Он встал, он приподнял ее из кресел и крепко-крепко прижал ее к сердцу.

– Она здесь опять, у моего сердца! – вскричал он, – о, благодарю тебя, боже, за все, за все, и за гнев твой и за милость твою!.. И за солнце твое, которое просияло теперь, после грозы, на нас! За всю эту минуту благодарю! О! пусть мы униженные, пусть мы оскорбленные, но мы опять вместе, и пусть, пусть теперь торжествуют эти гордые и надменные, унизившие и оскорбившие нас! Пусть они бросят в нас камень! Не бойся, Наташа... Мы пойдем рука в руку, и я скажу им: это моя дорогая, это возлюбленная дочь моя, это безгрешная дочь моя, которую вы оскорбили и унизили, но которую я, я люблю и которую благословляю во веки веков!..

– Ваня!

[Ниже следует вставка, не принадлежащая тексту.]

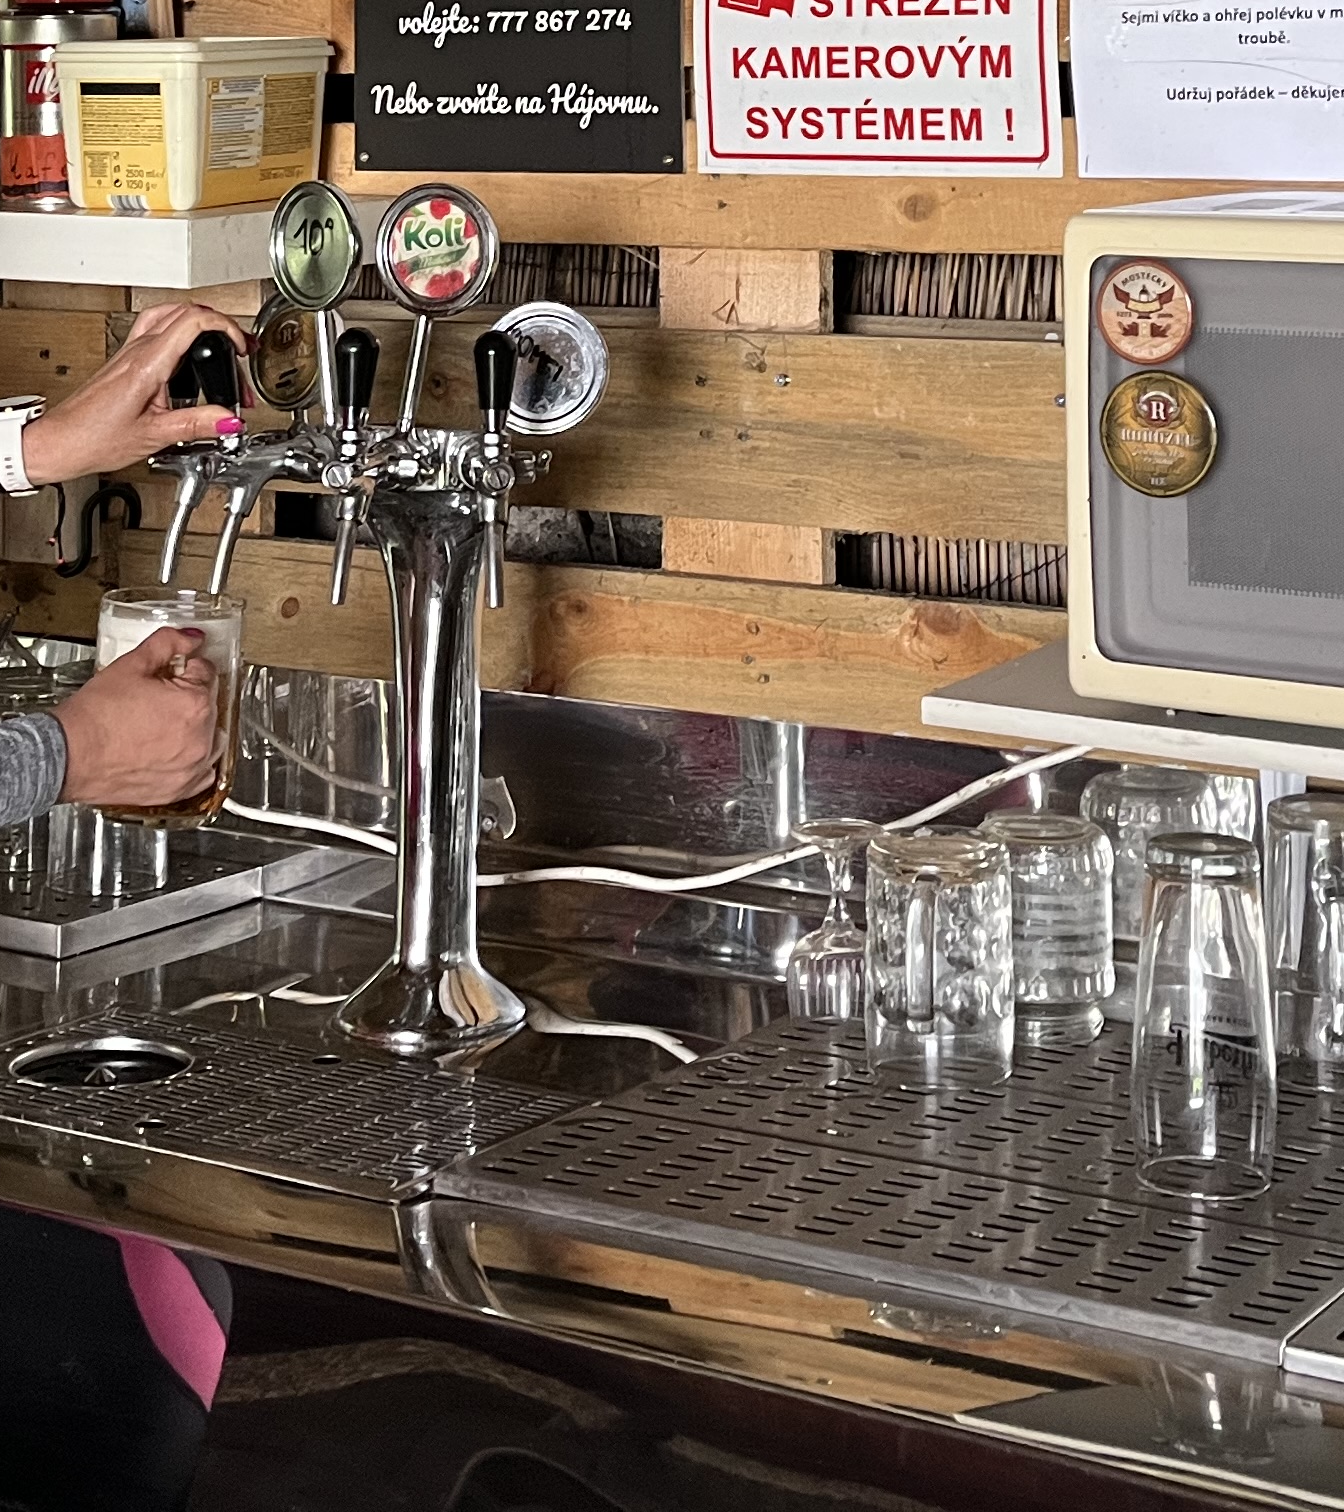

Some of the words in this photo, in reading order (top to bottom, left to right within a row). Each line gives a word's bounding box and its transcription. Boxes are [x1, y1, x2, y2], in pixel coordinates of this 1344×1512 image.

[398, 2, 479, 49] volejte:
[486, 11, 530, 35] 777
[534, 10, 574, 34] 867
[586, 9, 632, 33] 274
[1121, 10, 1159, 26] Sejmi
[1163, 8, 1198, 23] víčko
[1203, 12, 1210, 22] a
[1215, 6, 1252, 24] ohřej
[1256, 5, 1313, 24] polévku
[1317, 10, 1326, 18] v
[1238, 30, 1291, 45] troubě.
[732, 36, 1011, 80] KAMEROVÝM
[371, 83, 433, 117] Nebo
[436, 83, 511, 116] zvoňte
[513, 92, 545, 115] na
[546, 83, 660, 129] Hájovnu.
[1167, 86, 1212, 103] Udržuj
[1216, 86, 1275, 103] pořádek
[745, 99, 983, 142] SYSTÉMEM
[403, 217, 464, 251] Koli
[1150, 400, 1166, 421] R
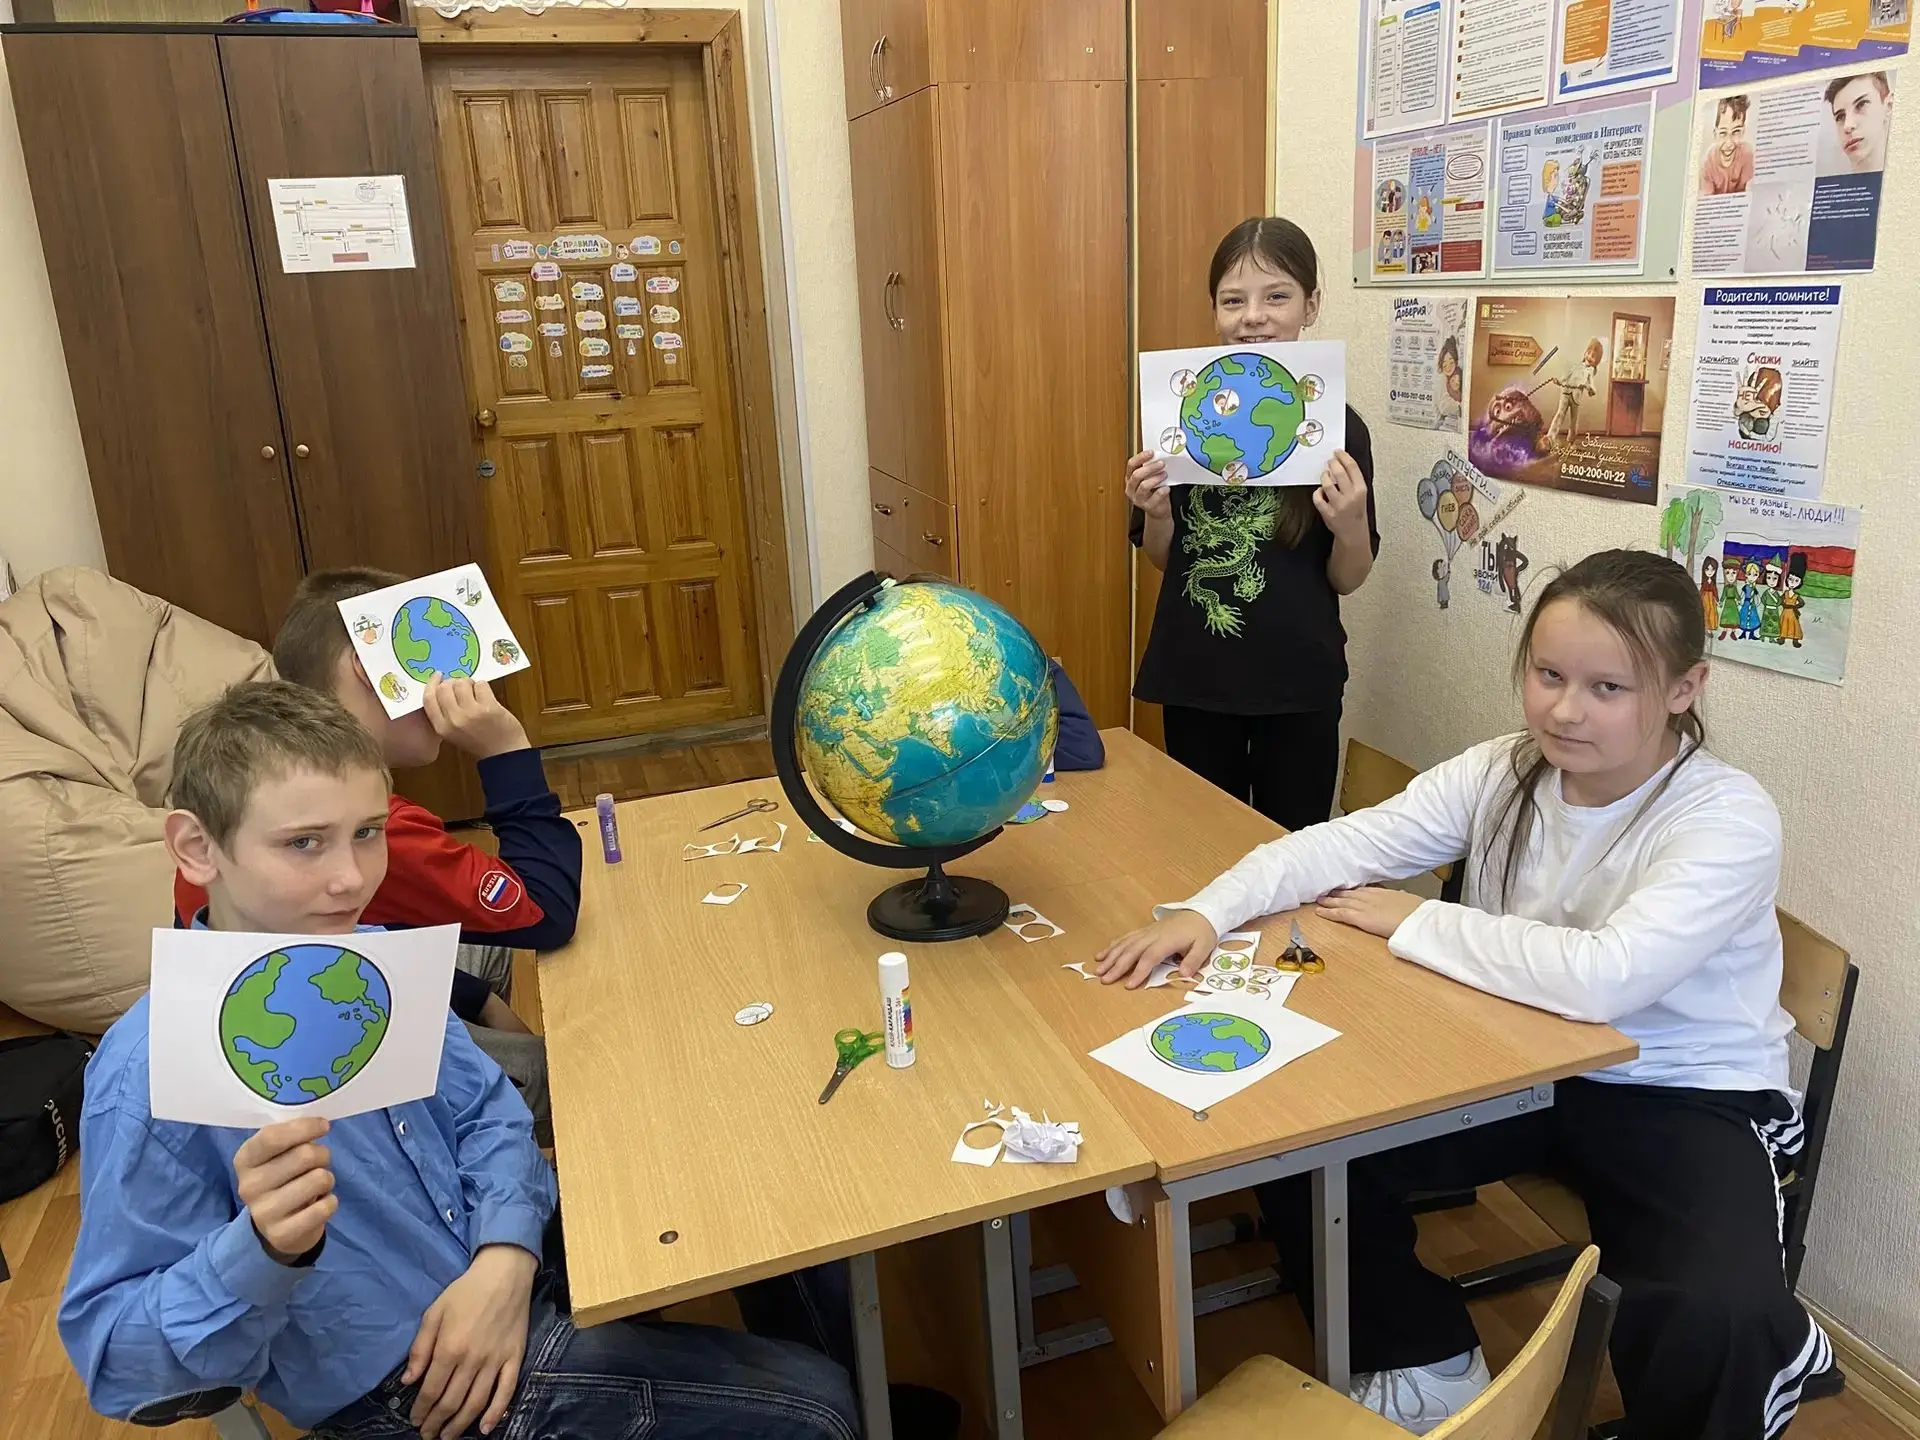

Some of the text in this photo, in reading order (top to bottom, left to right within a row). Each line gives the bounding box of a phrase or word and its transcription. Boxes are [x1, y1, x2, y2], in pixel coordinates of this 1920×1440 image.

Ваня!.. – слабым голосом проговорила Наташа, протягивая мне из объятий отца свою руку.

О! никогда я не забуду, что в эту минуту она вспомнила обо мне и позвала меня!

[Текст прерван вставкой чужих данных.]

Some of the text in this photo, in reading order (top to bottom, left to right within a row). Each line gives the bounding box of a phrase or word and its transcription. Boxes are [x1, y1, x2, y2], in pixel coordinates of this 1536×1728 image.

– Где же Нелли? – спросил старик, озираясь.

– Ах, где же она? – вскрикнула старушка, – голубчик мой! Ведь мы так ее и оставили!

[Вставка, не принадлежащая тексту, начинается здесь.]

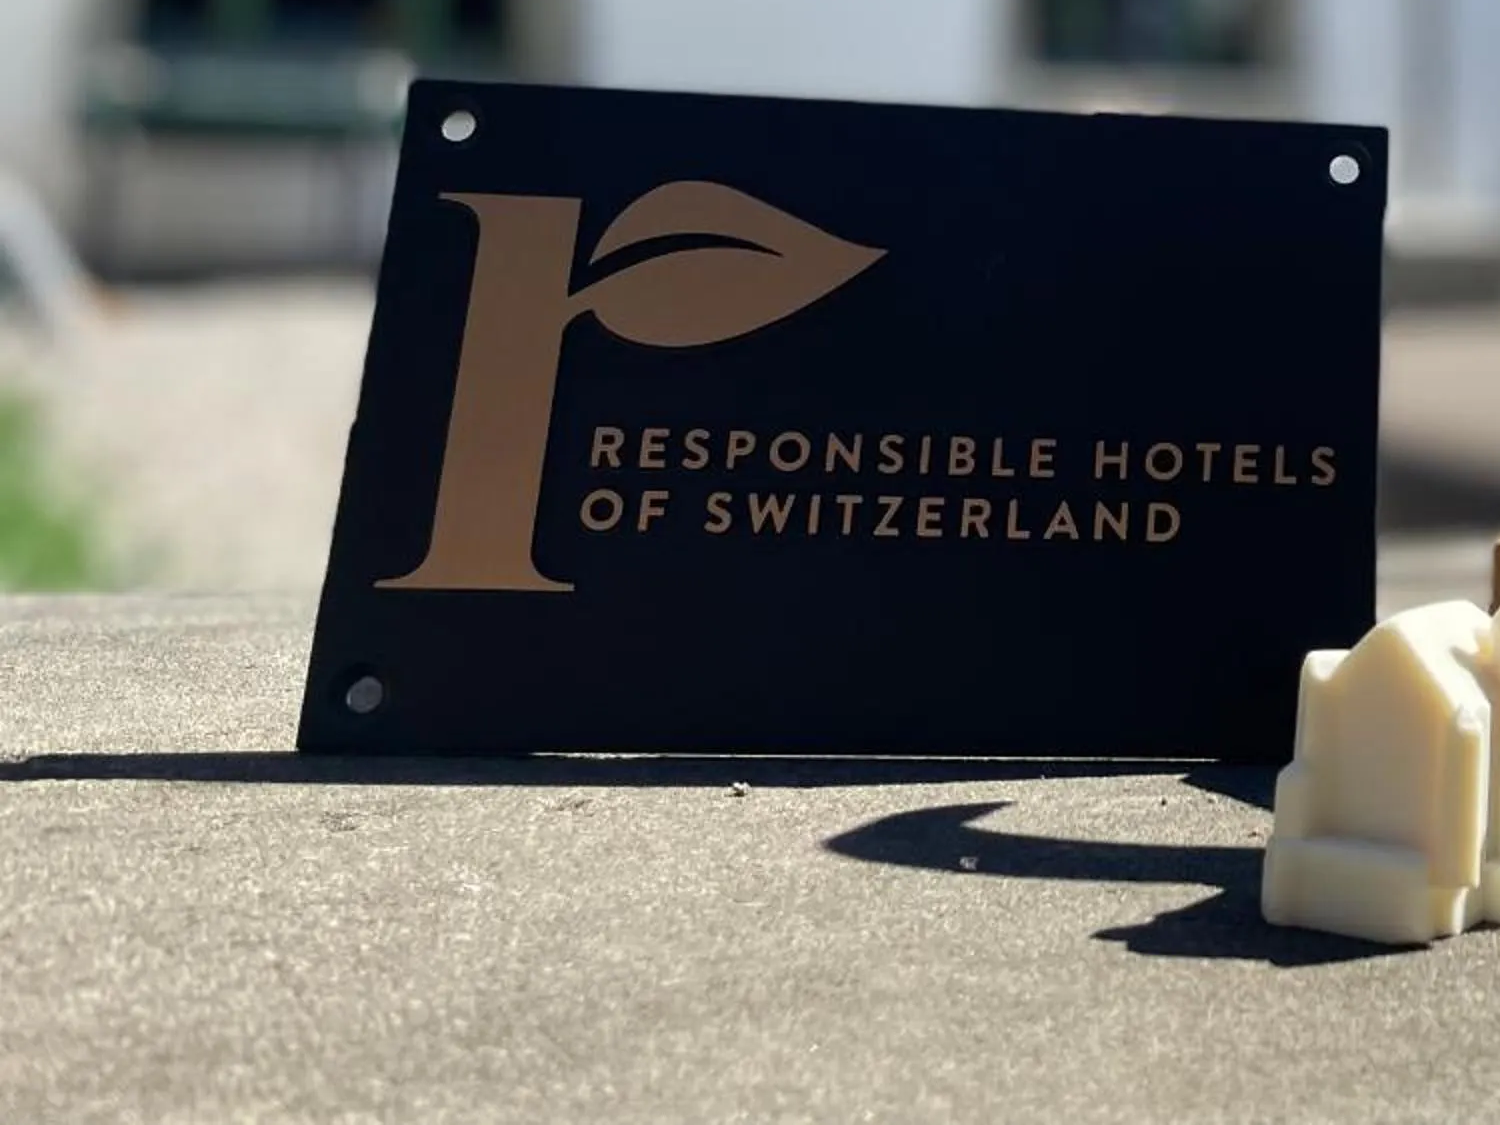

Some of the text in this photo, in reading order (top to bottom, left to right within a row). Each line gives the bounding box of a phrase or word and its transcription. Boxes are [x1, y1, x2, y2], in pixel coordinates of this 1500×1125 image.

Но ее не было в комнате; она незаметно проскользнула в спальню. Все пошли туда. Нелли стояла в углу, за дверью, и пугливо пряталась от нас.

– Нелли, что с тобой, дитя мое! – воскликнул старик, желая обнять ее. Но она как-то долго на него посмотрела...

– Мамаша, где мамаша? – проговорила она, как в беспамятстве, – где, где моя мамаша? – вскрикнула она еще раз, протягивая свои дрожащие руки к нам, и вдруг страшный, ужасный крик вырвался из ее груди; судороги пробежали по лицу ее, и она в страшном припадке упала на пол...

ЭПИЛОГ

Последние воспоминания

Половина июня. День жаркий и удушливый; в городе невозможно оставаться: пыль, известь, перестройки, раскаленные камни, отравленный испарениями воздух... Но вот, о радость! загремел где-то гром; мало-помалу небо нахмурилось; повеял ветер, гоня перед собою клубы городской пыли. Несколько крупных капель тяжело упало на землю, а за ними вдруг как будто разверзлось все небо, и целая река воды пролилась над городом. Когда чрез полчаса снова просияло солнце, я отворил окно моей каморки и жадно, всею усталою грудью, дохнул свежим воздухом. В упоении я было хотел уже бросить перо, и все дела мои, и самого антрепренера, и бежать к нашим на Васильевский. Но хоть и велик был соблазн, я-таки успел побороть себя и с какою-то яростию снова напал на бумагу: во что бы то ни стало нужно было кончить! Антрепренер велит и иначе не даст денег. Меня там ждут, но зато я вечером буду свободен, совершенно свободен, как ветер, и сегодняшний вечер вознаградит меня за эти последние два дня и две ночи, в которые я написал три печатных листа с половиною.

И вот наконец кончена и работа; бросаю перо и подымаюсь, ощущаю боль в спине и в груди и дурман в голове. Знаю, что в эту минуту нервы мои расстроены в сильной степени, и как будто слышу последние слова, сказанные мне моим старичком доктором: "Нет, никакое здоровье не выдержит подобных напряжений, потому что это невозможно!" Однако ж покамест это возможно! Голова моя кружится; я едва стою на ногах, но радость, беспредельная радость наполняет мое сердце. Повесть моя совершенно кончена, и антрепренер, хотя я ему и много теперь должен, все-таки даст мне хоть сколько-нибудь, увидя в своих руках добычу, – хоть пятьдесят рублей, а я давным-давно не видал у себя в руках таких денег. Свобода и деньги!.. В восторге я схватил шляпу, рукопись под мышку и бегу стремглав, чтоб застать дома нашего драгоценнейшего Александра Петровича.